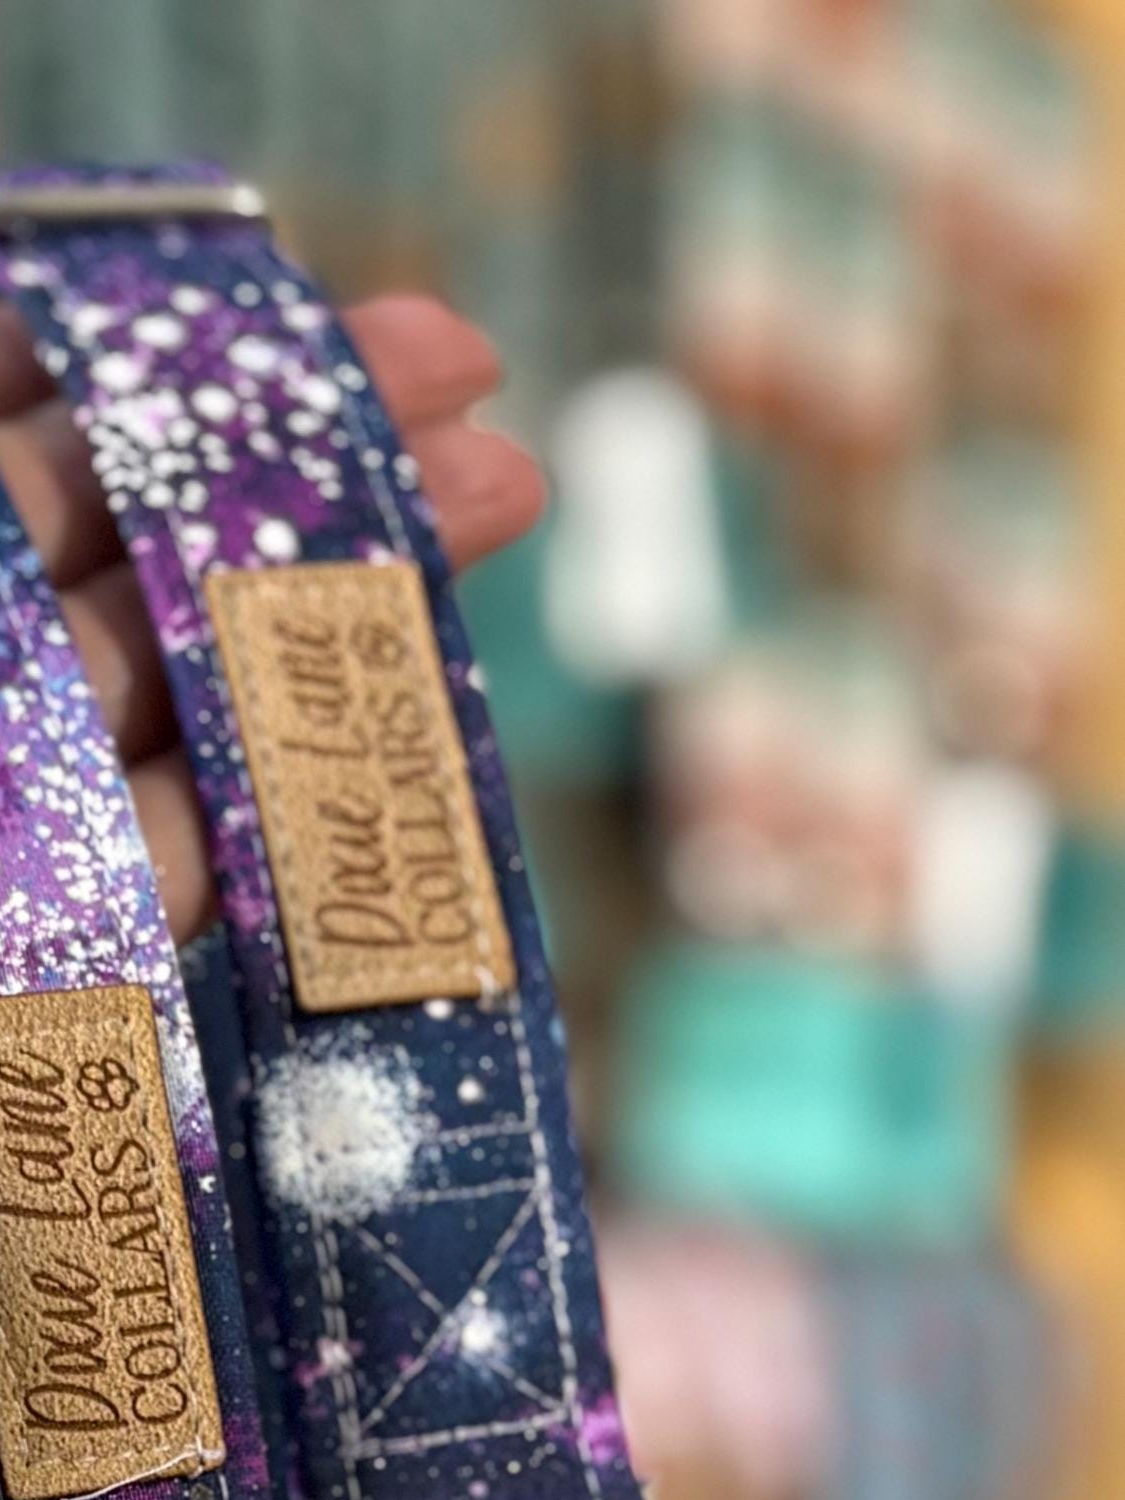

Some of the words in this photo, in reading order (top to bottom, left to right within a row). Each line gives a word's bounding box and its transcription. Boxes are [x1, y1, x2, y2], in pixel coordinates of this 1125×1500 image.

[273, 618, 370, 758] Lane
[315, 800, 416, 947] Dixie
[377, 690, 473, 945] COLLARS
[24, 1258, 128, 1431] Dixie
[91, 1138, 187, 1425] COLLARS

§ ASSIGNED TASK:
Without including the pictures, copy all of the data exactly.

§ YOUR SOLUTION:
Some of the words in this photo, in reading order (top to bottom, left to right within a row). Each line gives a word's bounding box and its transcription. Boxes are [x1, y1, x2, y2], in pixel coordinates of this 1125×1500 image.

[273, 618, 370, 758] Lane
[315, 800, 416, 947] Dixie
[377, 690, 473, 945] COLLARS
[24, 1258, 128, 1431] Dixie
[91, 1138, 187, 1425] COLLARS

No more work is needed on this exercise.